Work instructions> Please retype every record below exactly, leaving the pictures out.

Material provided>
== Segment start ==

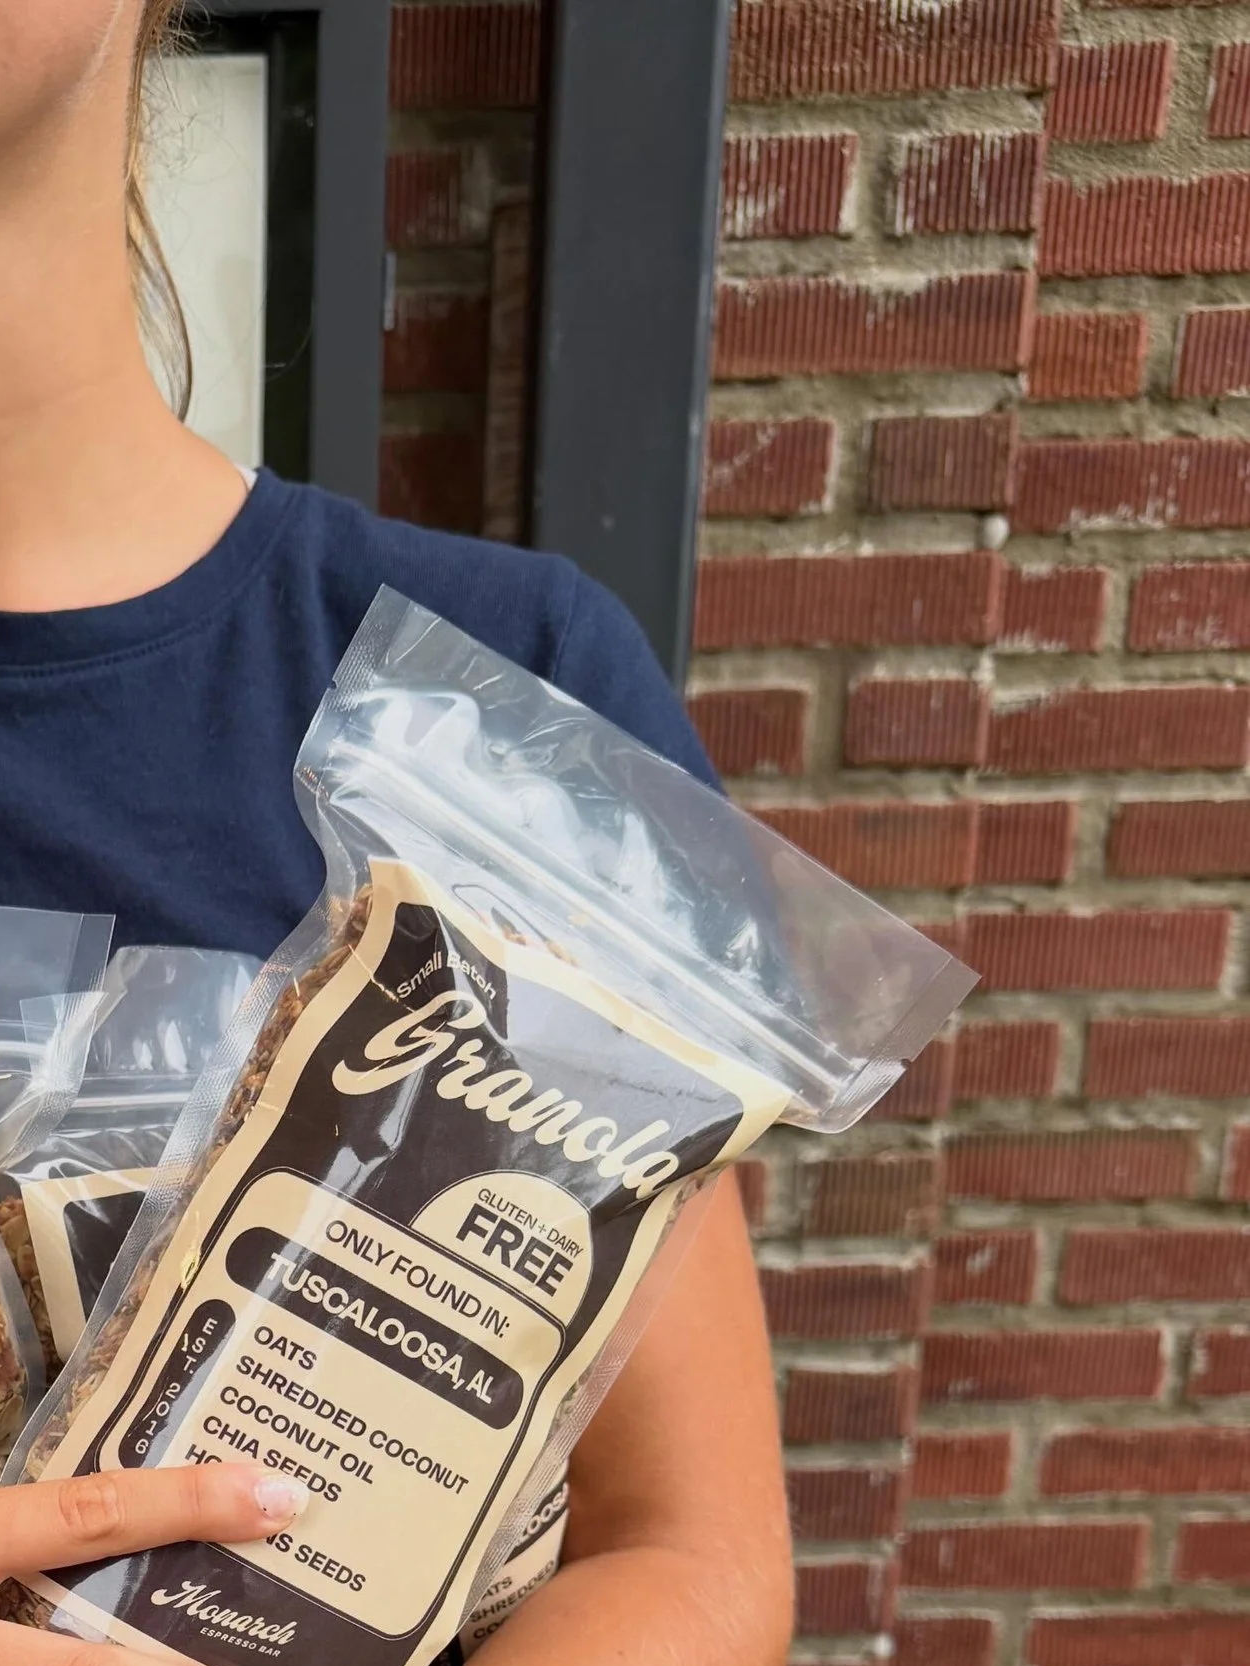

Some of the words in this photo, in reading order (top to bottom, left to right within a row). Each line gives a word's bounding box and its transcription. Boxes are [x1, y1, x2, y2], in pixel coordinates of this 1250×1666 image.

[396, 951, 442, 999] Small
[331, 989, 680, 1200] Granola
[455, 1203, 575, 1299] FREE
[477, 1187, 535, 1233] GLUTEN
[547, 1227, 585, 1259] DAIRY
[325, 1219, 395, 1270] ONLY
[391, 1258, 484, 1322] FOUND
[480, 1312, 513, 1340] IN:
[253, 1325, 319, 1371] OATS
[267, 1253, 467, 1387] TUSCALOOSA,
[464, 1375, 495, 1405] AL
[202, 1415, 260, 1460] CHIA
[262, 1448, 343, 1503] SEEDS
[218, 1385, 341, 1461] COCONUT
[339, 1452, 375, 1485] OIL
[235, 1354, 368, 1438] SHREDDED
[368, 1429, 470, 1496] COCONUT
[294, 1543, 366, 1593] SEEDS
[470, 1560, 555, 1622] SHREDDED
[481, 1576, 512, 1600] ATS
[150, 1580, 299, 1645] Monarch
[199, 1626, 257, 1651] ESPRESSO
[258, 1644, 282, 1658] BAR

== Segment end ==

Result of this task>
Some of the words in this photo, in reading order (top to bottom, left to right within a row). Each line gives a word's bounding box and its transcription. Boxes are [x1, y1, x2, y2], in pixel coordinates of this 1250×1666 image.

[396, 951, 442, 999] Small
[331, 989, 680, 1200] Granola
[455, 1203, 575, 1299] FREE
[477, 1187, 535, 1233] GLUTEN
[547, 1227, 585, 1259] DAIRY
[325, 1219, 395, 1270] ONLY
[391, 1258, 484, 1322] FOUND
[480, 1312, 513, 1340] IN:
[253, 1325, 319, 1371] OATS
[267, 1253, 467, 1387] TUSCALOOSA,
[464, 1375, 495, 1405] AL
[202, 1415, 260, 1460] CHIA
[262, 1448, 343, 1503] SEEDS
[218, 1385, 341, 1461] COCONUT
[339, 1452, 375, 1485] OIL
[235, 1354, 368, 1438] SHREDDED
[368, 1429, 470, 1496] COCONUT
[294, 1543, 366, 1593] SEEDS
[470, 1560, 555, 1622] SHREDDED
[481, 1576, 512, 1600] ATS
[150, 1580, 299, 1645] Monarch
[199, 1626, 257, 1651] ESPRESSO
[258, 1644, 282, 1658] BAR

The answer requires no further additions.